### What the task asks:
Copy the following data exactly and drop the pictures.
─── Provided material
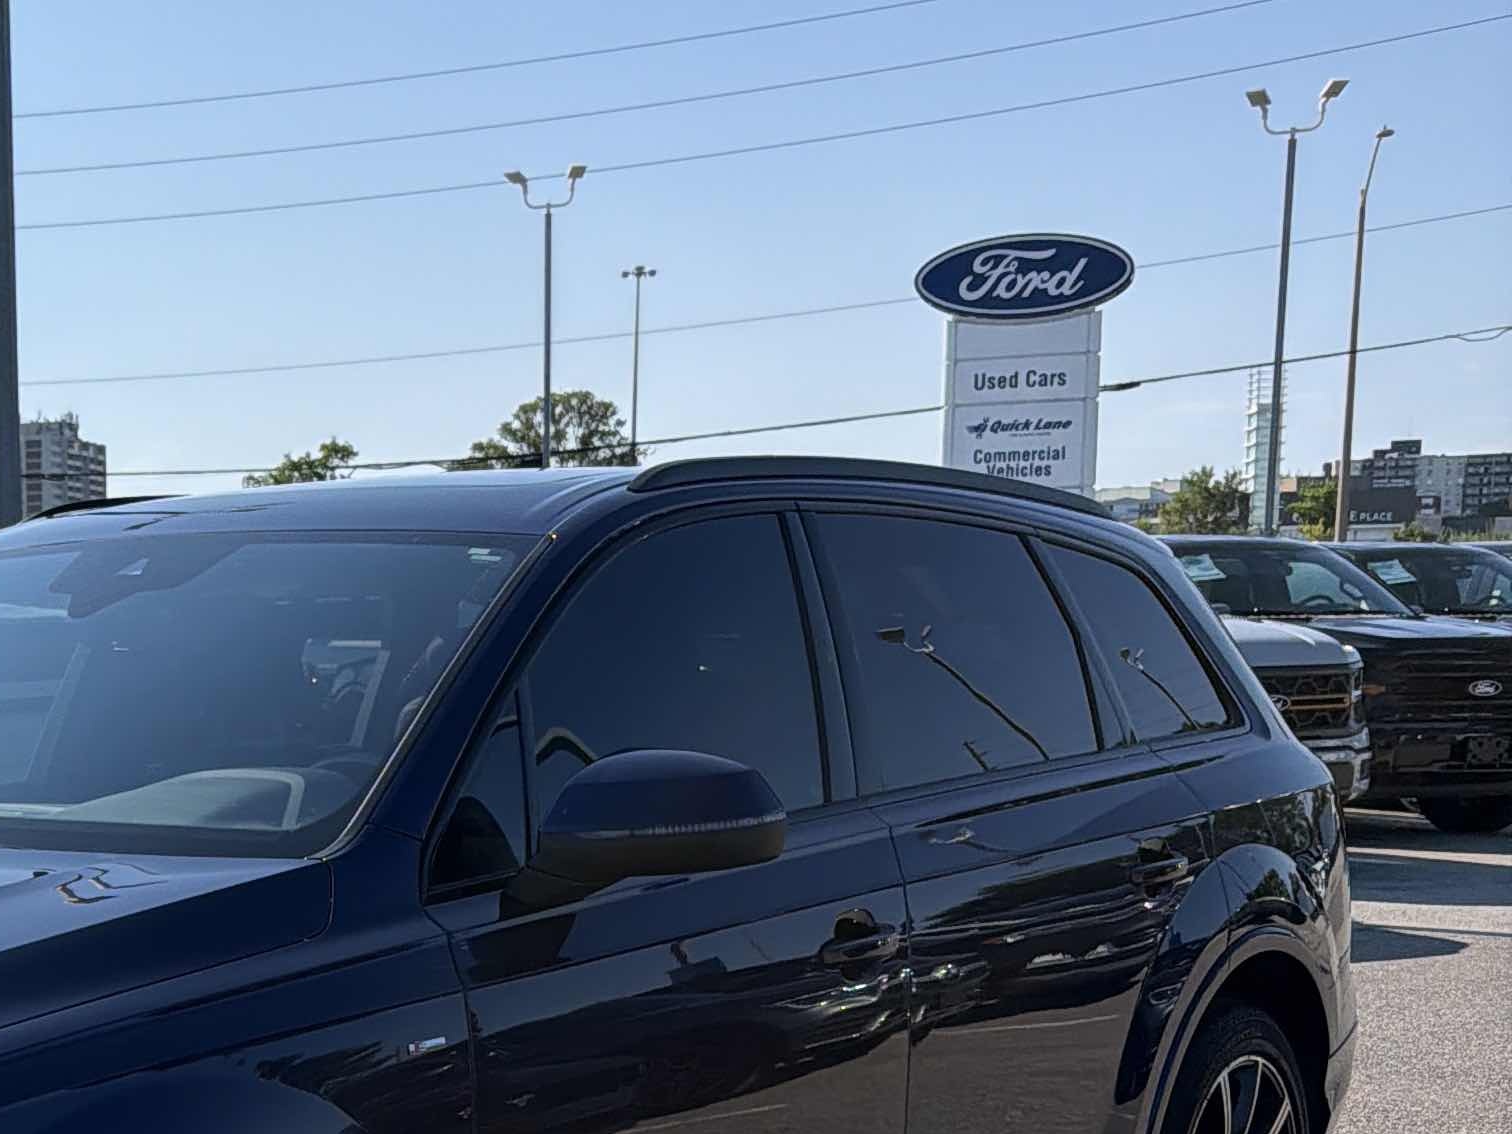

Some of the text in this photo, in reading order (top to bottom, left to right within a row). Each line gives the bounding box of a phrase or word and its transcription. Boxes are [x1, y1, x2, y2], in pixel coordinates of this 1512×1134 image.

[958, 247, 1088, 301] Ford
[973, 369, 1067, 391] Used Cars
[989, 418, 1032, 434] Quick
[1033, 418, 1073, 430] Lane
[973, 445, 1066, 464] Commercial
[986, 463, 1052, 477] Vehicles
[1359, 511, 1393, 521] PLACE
──────
### Exercise solution:
Some of the text in this photo, in reading order (top to bottom, left to right within a row). Each line gives the bounding box of a phrase or word and its transcription. Boxes are [x1, y1, x2, y2], in pixel coordinates of this 1512×1134 image.

[958, 247, 1088, 301] Ford
[973, 369, 1067, 391] Used Cars
[989, 418, 1032, 434] Quick
[1033, 418, 1073, 430] Lane
[973, 445, 1066, 464] Commercial
[986, 463, 1052, 477] Vehicles
[1359, 511, 1393, 521] PLACE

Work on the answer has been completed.